Neues Theater Espelkamp Saisonende in Espelkamp: „Holzfällen“ mit Peymann

Claus Peymann kommt im April ins Neue Theater Espelkamp. Archivfoto: Paul Zinken/dpaClaus Peymann kommt im April ins Neue Theater Espelkamp. Archivfoto: Paul Zinken/dpa

Espelkamp . Zum Saisonende geht es im Neuen Theater Espelkamp noch einmal richtig in die Vollen – mit viel Musik, einer Zusatzvorstellung und dem Besuch des großen Theatermachers Claus Peymann verabschiedet sich das Volksbildungswerk Espelkamp in die Sommerpause.

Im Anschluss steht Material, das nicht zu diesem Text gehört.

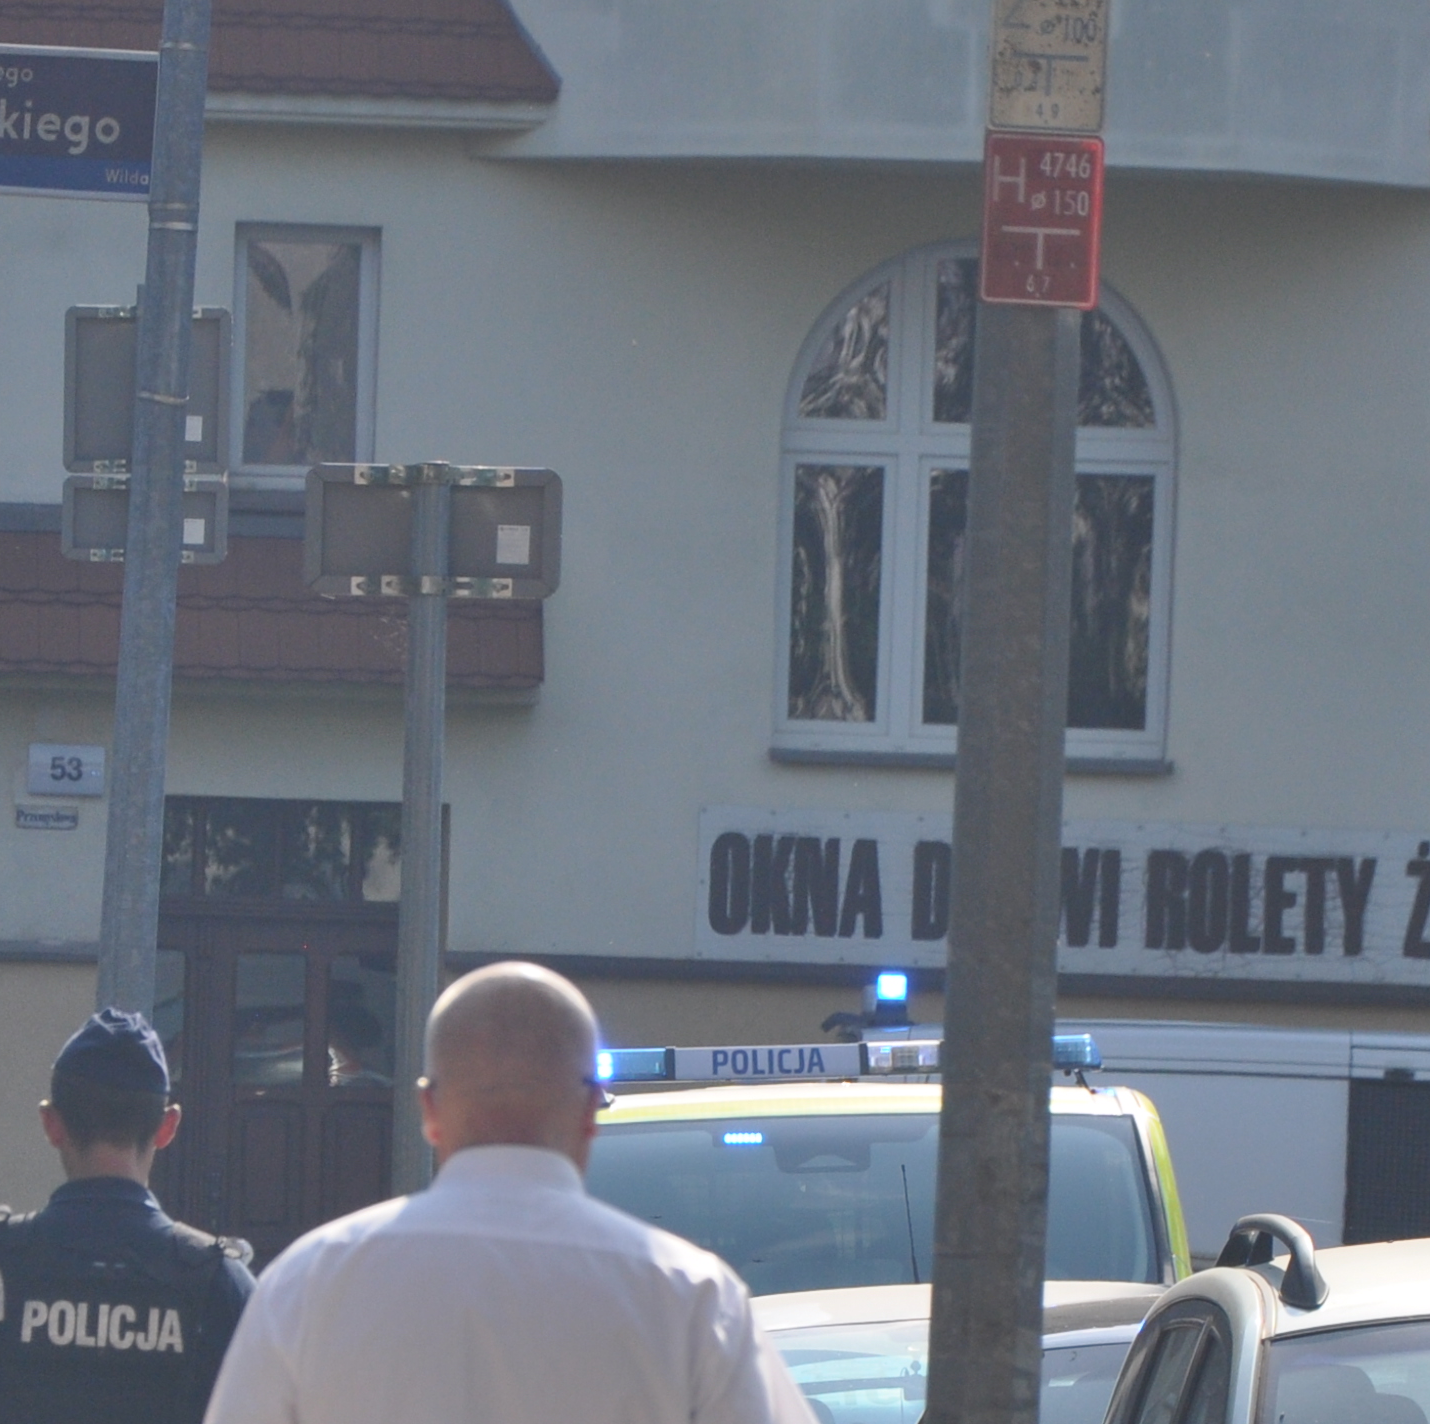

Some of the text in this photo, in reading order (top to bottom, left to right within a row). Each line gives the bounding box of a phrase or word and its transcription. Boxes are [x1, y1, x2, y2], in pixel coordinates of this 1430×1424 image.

[105, 168, 150, 185] Wilda
[993, 155, 1026, 203] H
[1040, 152, 1091, 179] 4746
[50, 756, 83, 782] 53
[708, 831, 883, 938] OKNA
[911, 840, 1120, 948] DWI
[1143, 848, 1377, 957] ROLETY
[712, 1046, 826, 1076] POLICJA
[21, 1299, 184, 1354] POLICJA
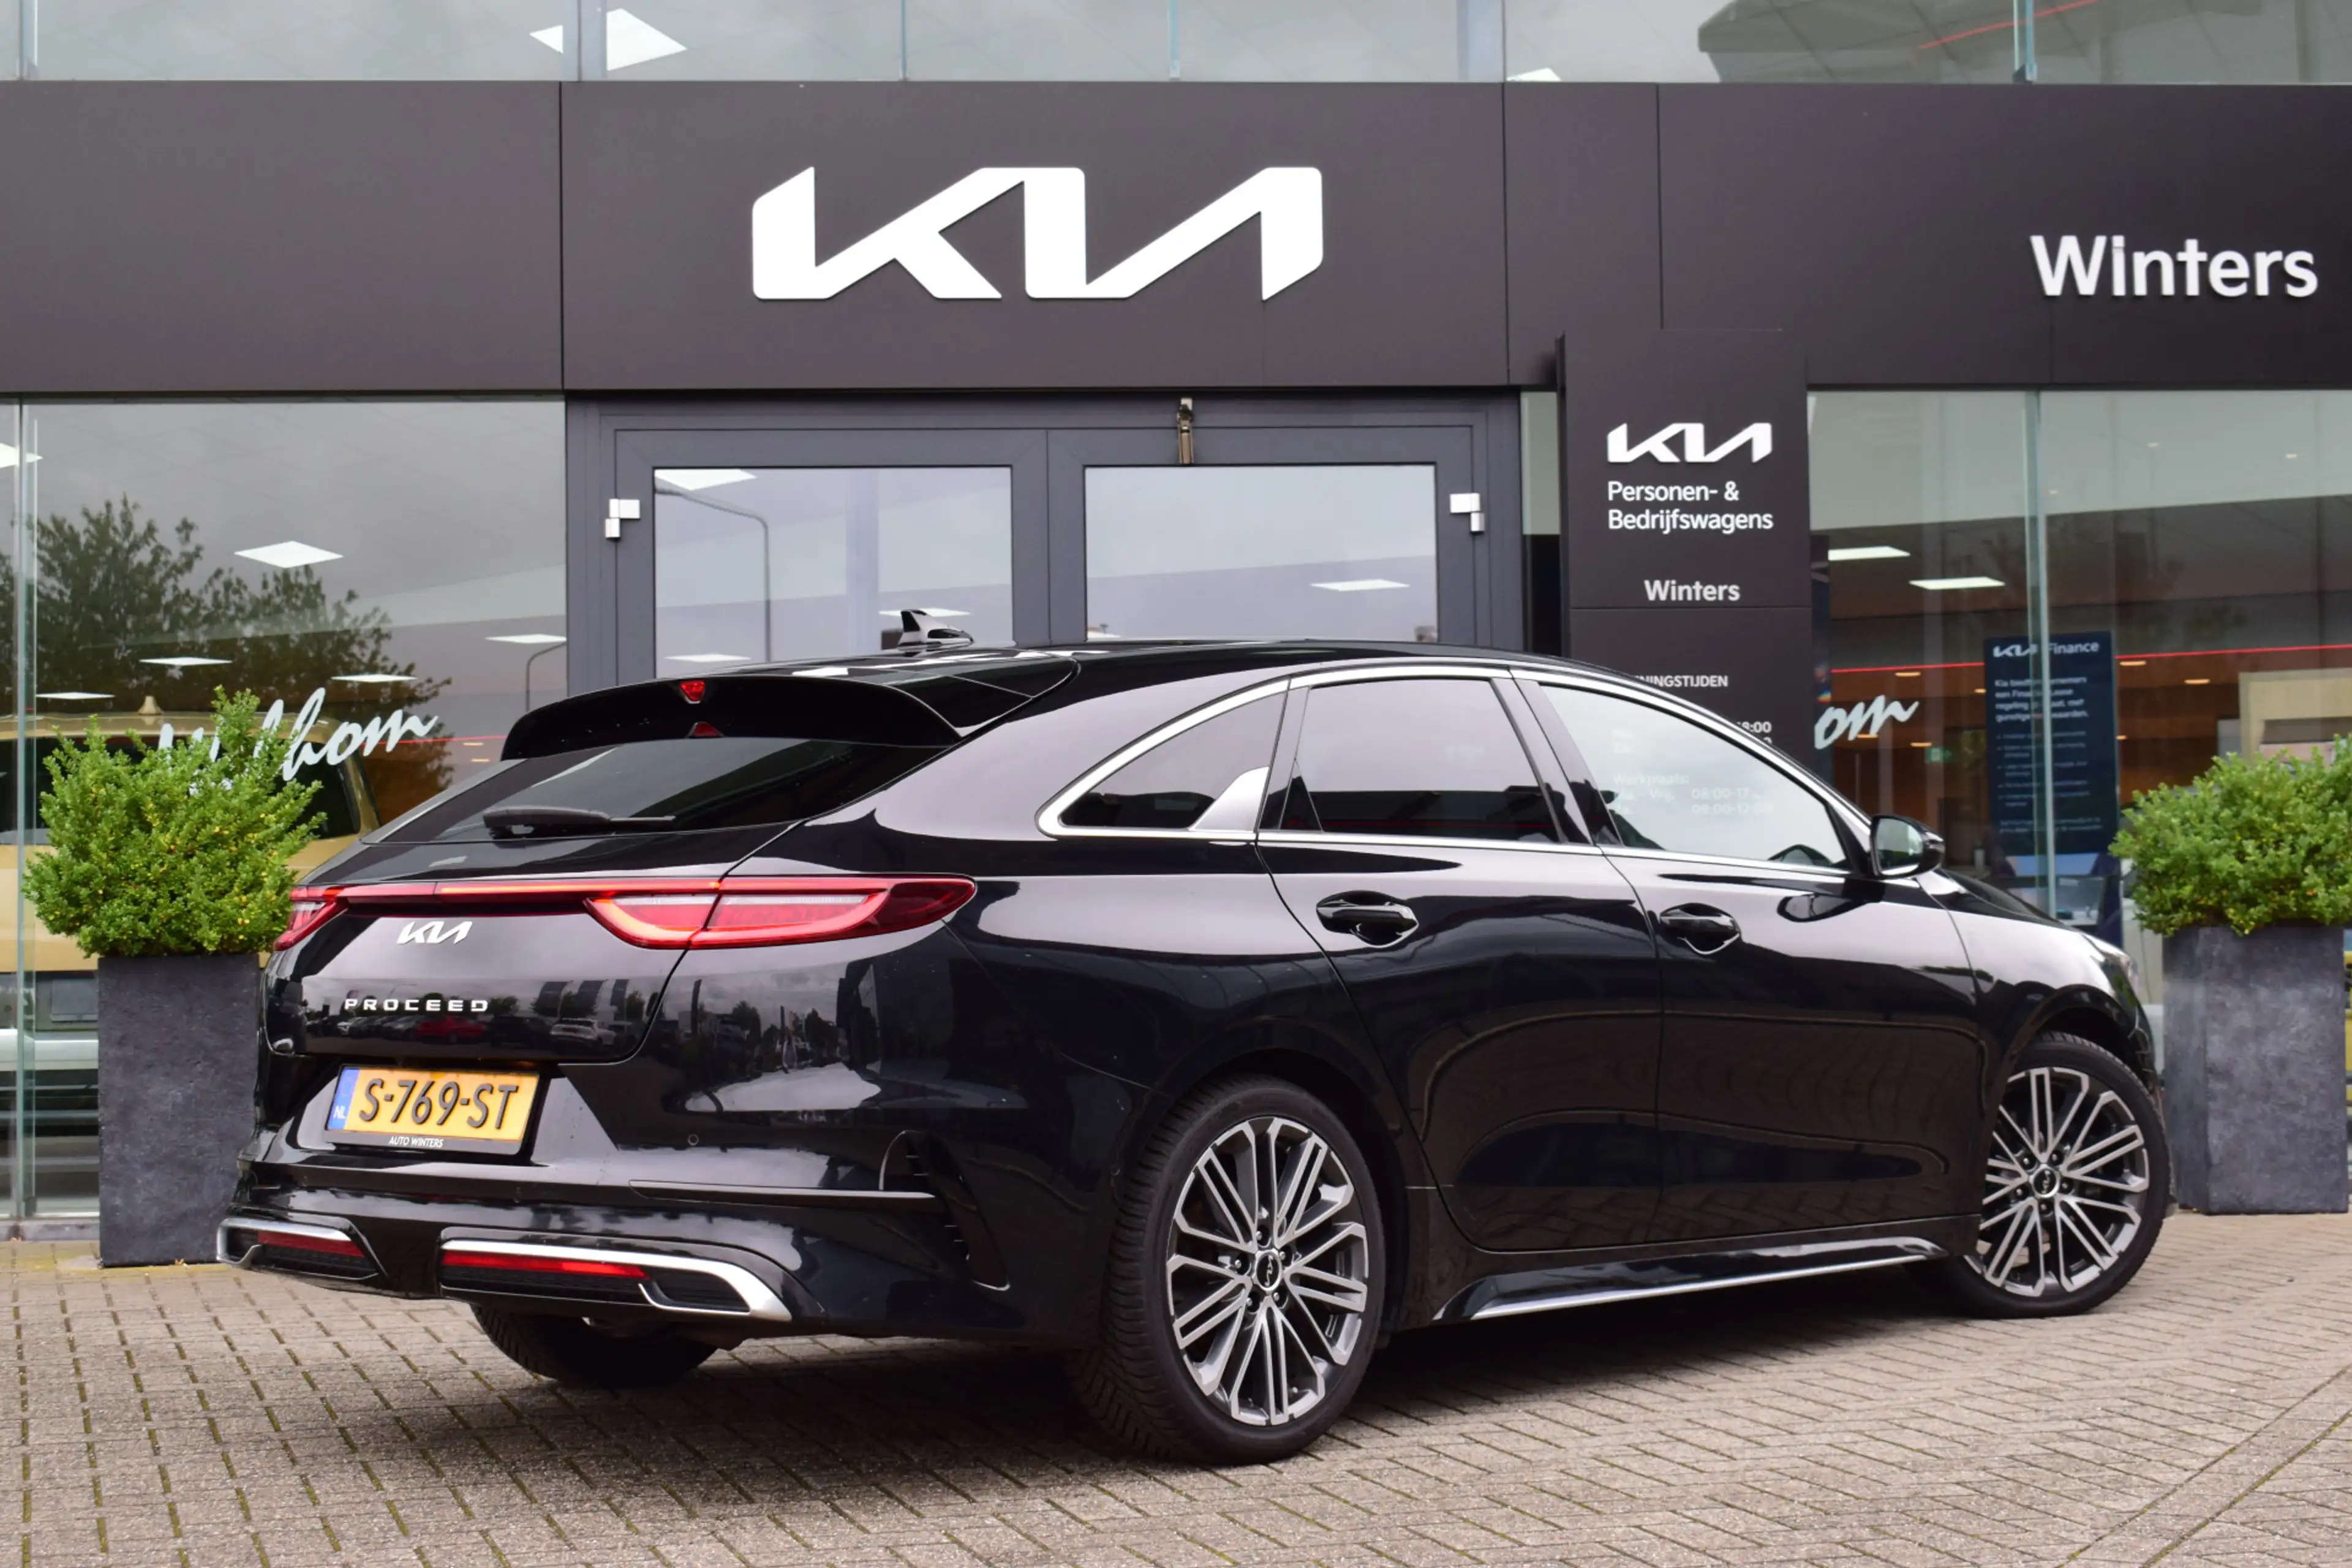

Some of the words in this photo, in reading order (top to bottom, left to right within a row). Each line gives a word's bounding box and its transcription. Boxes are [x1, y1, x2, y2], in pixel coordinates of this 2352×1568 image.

[752, 166, 1324, 301] KIA
[2030, 235, 2318, 297] Winters
[1607, 422, 1773, 463] KIA
[1607, 480, 1719, 502] Personen-
[1724, 480, 1740, 502] &
[1608, 508, 1774, 535] Bedrijfswagens
[1643, 579, 1741, 601] Winters
[396, 921, 473, 944] KIA
[344, 998, 488, 1012] PROCEED
[333, 1105, 347, 1120] NL
[359, 1078, 519, 1129] S-769-ST
[388, 1136, 410, 1146] AUTO
[411, 1137, 445, 1148] WINTERS

Bereits seit Wochen ausverkauft ist die Tribute-Show „The Blues Brothers“ nach dem Kultfilm von John Landis am Samstag, 14. April. Samstag und Sonntag, 21. und 22. April, ist Theater-Total aus Bochum mit einer aktuellen Inszenierung zu Gast. Das junge Ensemble widmet sich im 22. Jahrgang des Projekts mit „Romeo und Julia“ einem Shakespeare-Klassiker. Während die Vorstellung am Samstag, 21. April, bereits ausverkauft ist, sind für die Zusatzvorstellung am Sonntag, 22. April, um 18 Uhr noch Plätze frei. Ein Einführungsvortrag zu diesem Stück, den die jungen Schauspieler ebenfalls selbst organisieren, beginnt jeweils eine Stunde vor Beginn der Veranstaltung im Theatersaal.

Besonderer Programmpunkt

Nur wenige Tage später geht ein ganz besonderer Programmpunkt zum Abschluss der Saison über die Bühne des Neuen Theaters: Mit großer Vorfreude fiebert nicht nur das Volksbildungswerk Espelkamp dem Besuch des großen Theatermachers Claus Peymann entgegen. Auch die Theatergäste können sich am Samstag, 28. April, um 20 Uhr im Neuen Theater Espelkamp bei seiner szenischen Lesung „Holzfällen. Eine Erregung“ nach der Erzählung von Thomas Bernhard auf geballte „Peymann Power“ voller Schrägheit und Humor freuen.

Eine Erregung

Nach Peymanns Abschied vom Berliner Ensemble im vergangenen Jahr geht der geniale Regisseur und Intendant noch lange nicht in den Ruhestand.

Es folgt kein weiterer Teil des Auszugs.